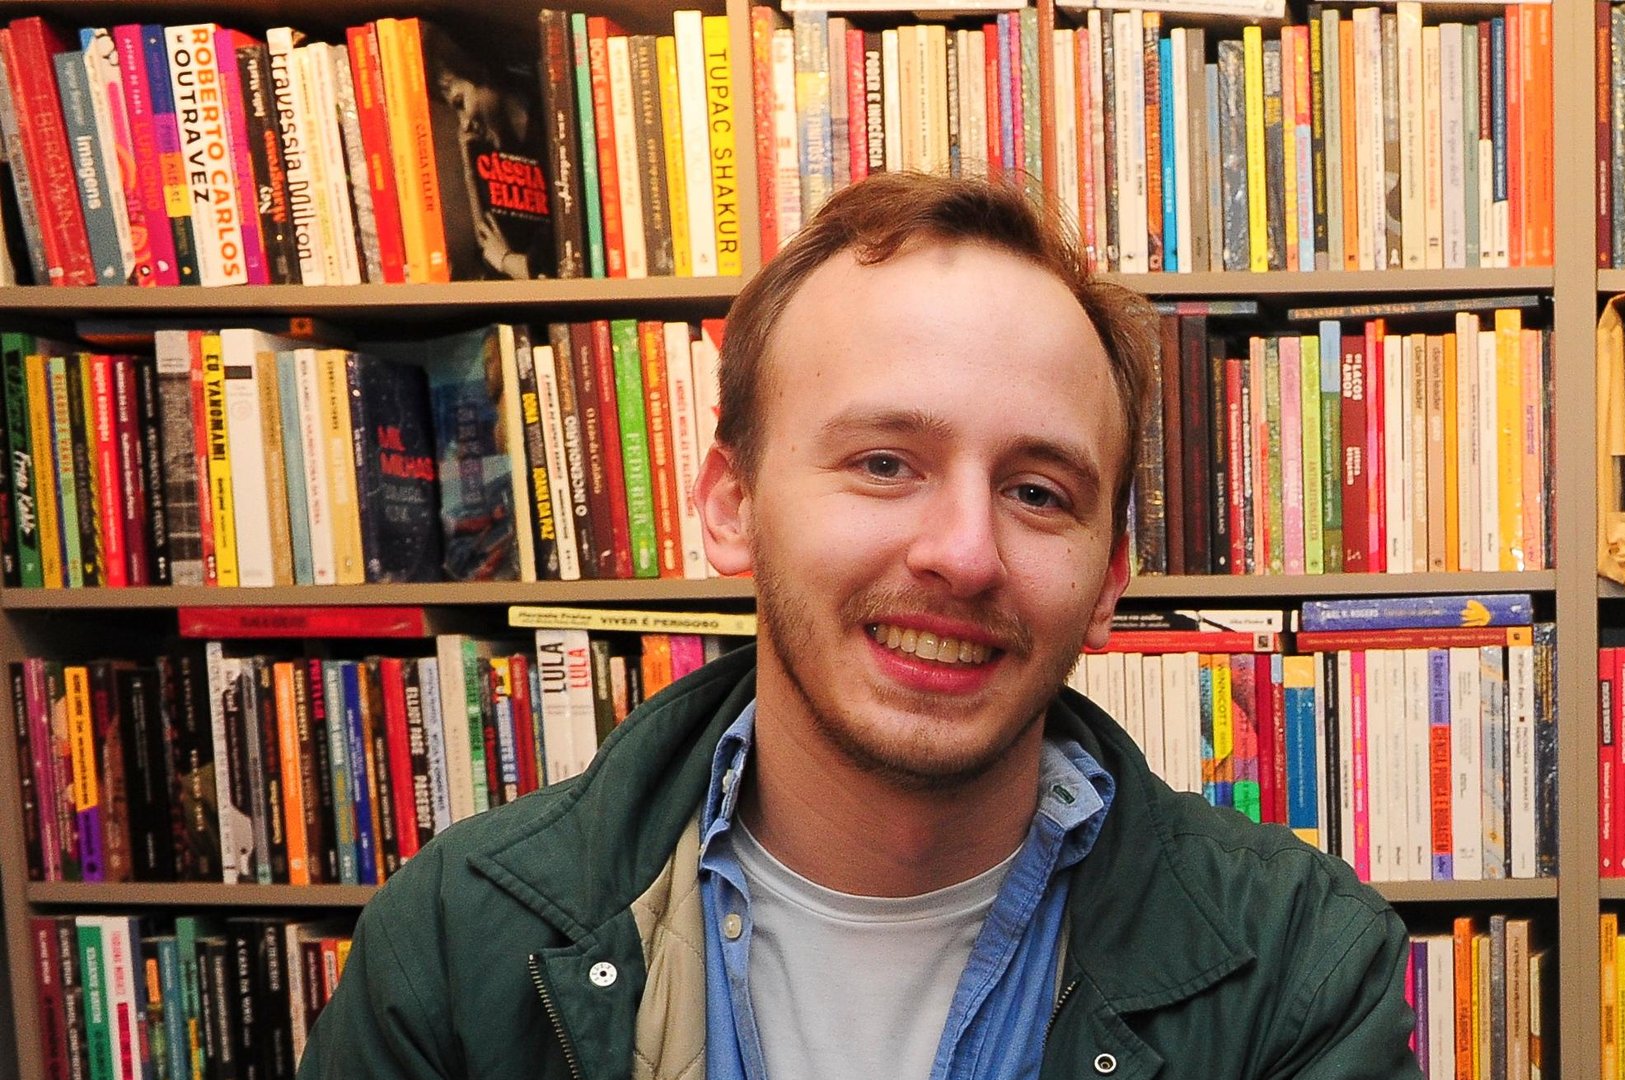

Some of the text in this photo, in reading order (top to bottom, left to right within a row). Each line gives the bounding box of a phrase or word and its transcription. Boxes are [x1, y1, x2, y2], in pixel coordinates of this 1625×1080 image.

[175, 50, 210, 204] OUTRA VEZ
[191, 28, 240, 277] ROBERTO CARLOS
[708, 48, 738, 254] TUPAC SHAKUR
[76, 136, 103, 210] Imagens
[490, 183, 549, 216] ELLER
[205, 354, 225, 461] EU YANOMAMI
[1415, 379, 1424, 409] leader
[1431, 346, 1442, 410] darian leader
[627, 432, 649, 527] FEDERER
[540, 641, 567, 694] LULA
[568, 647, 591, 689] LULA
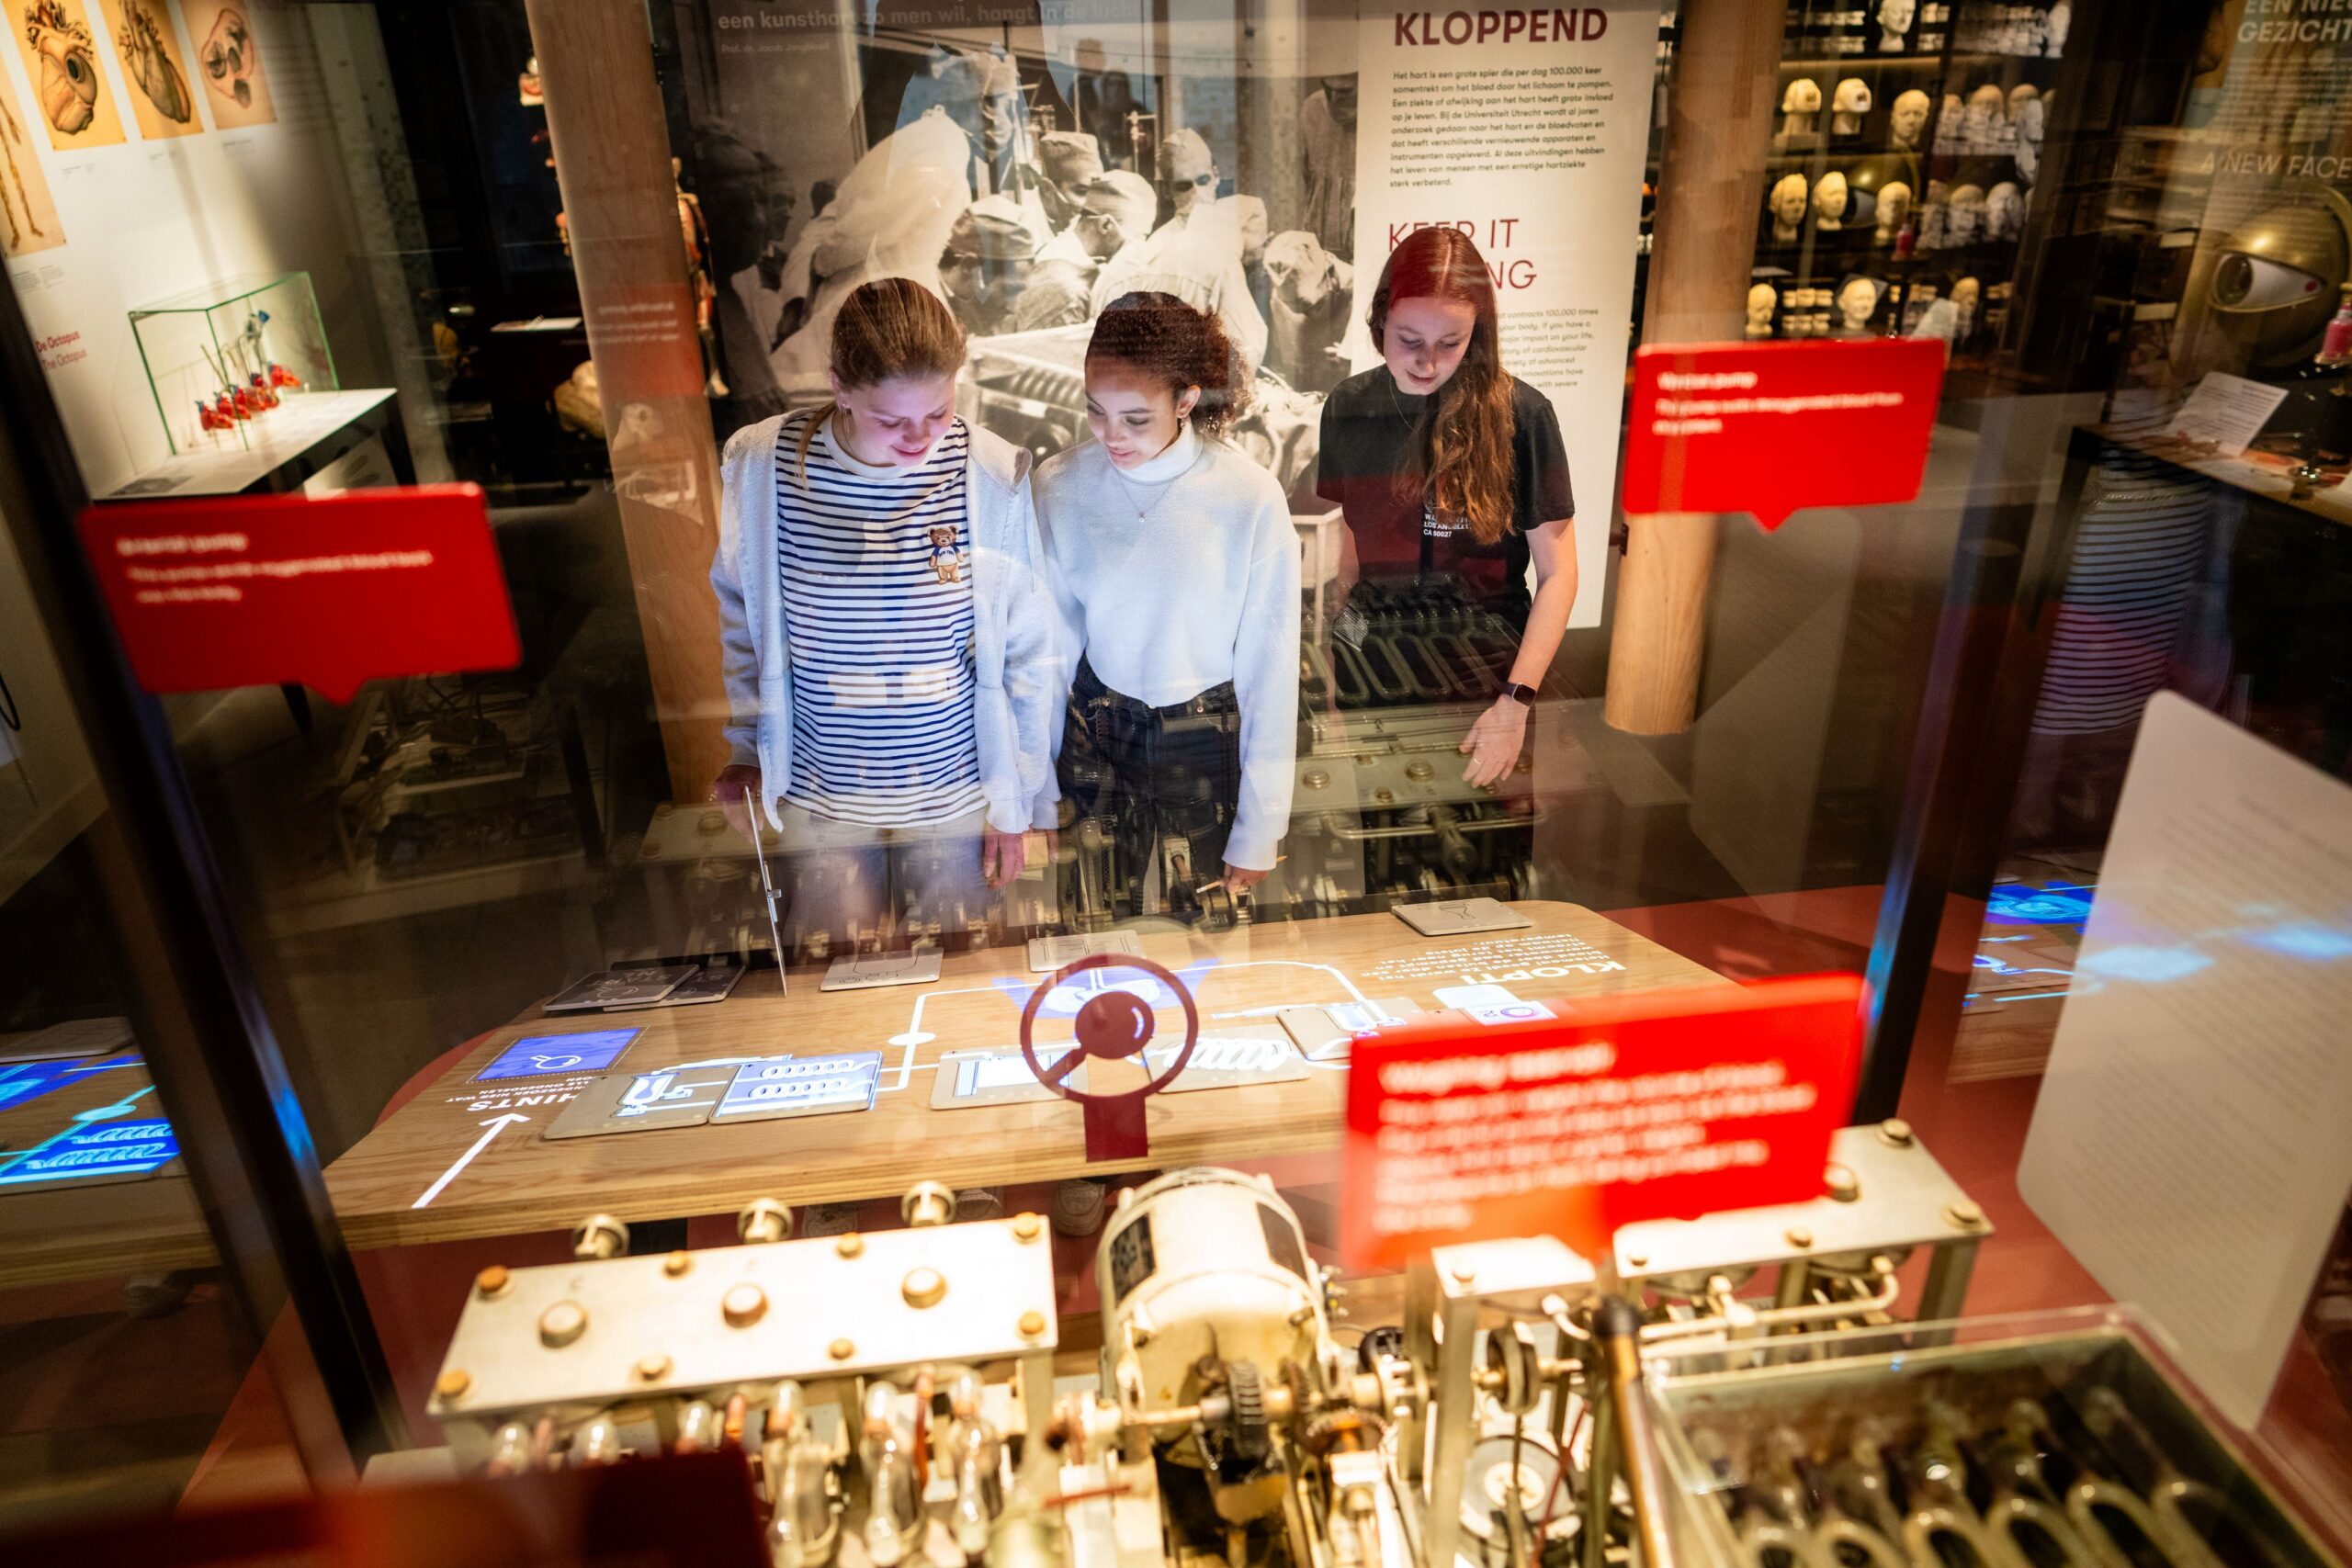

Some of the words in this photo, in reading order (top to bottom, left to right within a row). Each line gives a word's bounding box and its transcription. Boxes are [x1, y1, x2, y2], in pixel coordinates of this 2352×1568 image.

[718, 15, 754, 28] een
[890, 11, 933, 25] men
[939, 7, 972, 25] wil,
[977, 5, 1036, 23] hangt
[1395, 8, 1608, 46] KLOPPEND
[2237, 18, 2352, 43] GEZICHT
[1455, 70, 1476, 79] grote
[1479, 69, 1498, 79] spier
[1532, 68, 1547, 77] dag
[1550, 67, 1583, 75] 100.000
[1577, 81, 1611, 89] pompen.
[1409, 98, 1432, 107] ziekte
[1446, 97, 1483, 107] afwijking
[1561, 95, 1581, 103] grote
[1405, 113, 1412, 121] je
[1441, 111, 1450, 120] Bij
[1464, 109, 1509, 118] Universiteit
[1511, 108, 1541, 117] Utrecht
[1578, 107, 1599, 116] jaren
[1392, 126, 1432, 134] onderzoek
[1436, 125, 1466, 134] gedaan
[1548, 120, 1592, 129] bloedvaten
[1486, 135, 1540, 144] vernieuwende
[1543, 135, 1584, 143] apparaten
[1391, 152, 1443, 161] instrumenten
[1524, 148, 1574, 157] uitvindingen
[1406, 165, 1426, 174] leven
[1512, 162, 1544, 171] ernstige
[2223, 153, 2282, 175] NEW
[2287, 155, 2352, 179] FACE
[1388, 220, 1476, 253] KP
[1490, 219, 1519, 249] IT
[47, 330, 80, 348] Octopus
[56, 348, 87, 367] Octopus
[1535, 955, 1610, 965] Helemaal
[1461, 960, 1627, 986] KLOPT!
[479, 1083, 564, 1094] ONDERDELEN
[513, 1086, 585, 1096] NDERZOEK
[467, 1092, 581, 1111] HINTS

==*==

Work order =>
What's needed is a word-for-word retyping of the listing, minus its pictures.

Answer to the problem =>
Some of the text in this photo, in reading order (top to bottom, left to right within a row). Each line gives the bounding box of a phrase or word and its transcription. Boxes are [x1, y1, x2, y2], in pixel coordinates of this 1625×1080 image.

[175, 50, 210, 204] OUTRA VEZ
[191, 28, 240, 277] ROBERTO CARLOS
[708, 48, 738, 254] TUPAC SHAKUR
[76, 136, 103, 210] Imagens
[490, 183, 549, 216] ELLER
[205, 354, 225, 461] EU YANOMAMI
[1415, 379, 1424, 409] leader
[1431, 346, 1442, 410] darian leader
[627, 432, 649, 527] FEDERER
[540, 641, 567, 694] LULA
[568, 647, 591, 689] LULA

Some of the words in this photo, in reading order (top to bottom, left to right within a row). Each line gives a word's bounding box and its transcription. Boxes are [x1, y1, x2, y2], in pixel coordinates of this 2352×1568 image.

[718, 15, 754, 28] een
[890, 11, 933, 25] men
[939, 7, 972, 25] wil,
[977, 5, 1036, 23] hangt
[1395, 8, 1608, 46] KLOPPEND
[2237, 18, 2352, 43] GEZICHT
[1455, 70, 1476, 79] grote
[1479, 69, 1498, 79] spier
[1532, 68, 1547, 77] dag
[1550, 67, 1583, 75] 100.000
[1577, 81, 1611, 89] pompen.
[1409, 98, 1432, 107] ziekte
[1446, 97, 1483, 107] afwijking
[1561, 95, 1581, 103] grote
[1405, 113, 1412, 121] je
[1441, 111, 1450, 120] Bij
[1464, 109, 1509, 118] Universiteit
[1511, 108, 1541, 117] Utrecht
[1578, 107, 1599, 116] jaren
[1392, 126, 1432, 134] onderzoek
[1436, 125, 1466, 134] gedaan
[1548, 120, 1592, 129] bloedvaten
[1486, 135, 1540, 144] vernieuwende
[1543, 135, 1584, 143] apparaten
[1391, 152, 1443, 161] instrumenten
[1524, 148, 1574, 157] uitvindingen
[1406, 165, 1426, 174] leven
[1512, 162, 1544, 171] ernstige
[2223, 153, 2282, 175] NEW
[2287, 155, 2352, 179] FACE
[1388, 220, 1476, 253] KP
[1490, 219, 1519, 249] IT
[47, 330, 80, 348] Octopus
[56, 348, 87, 367] Octopus
[1535, 955, 1610, 965] Helemaal
[1461, 960, 1627, 986] KLOPT!
[479, 1083, 564, 1094] ONDERDELEN
[513, 1086, 585, 1096] NDERZOEK
[467, 1092, 581, 1111] HINTS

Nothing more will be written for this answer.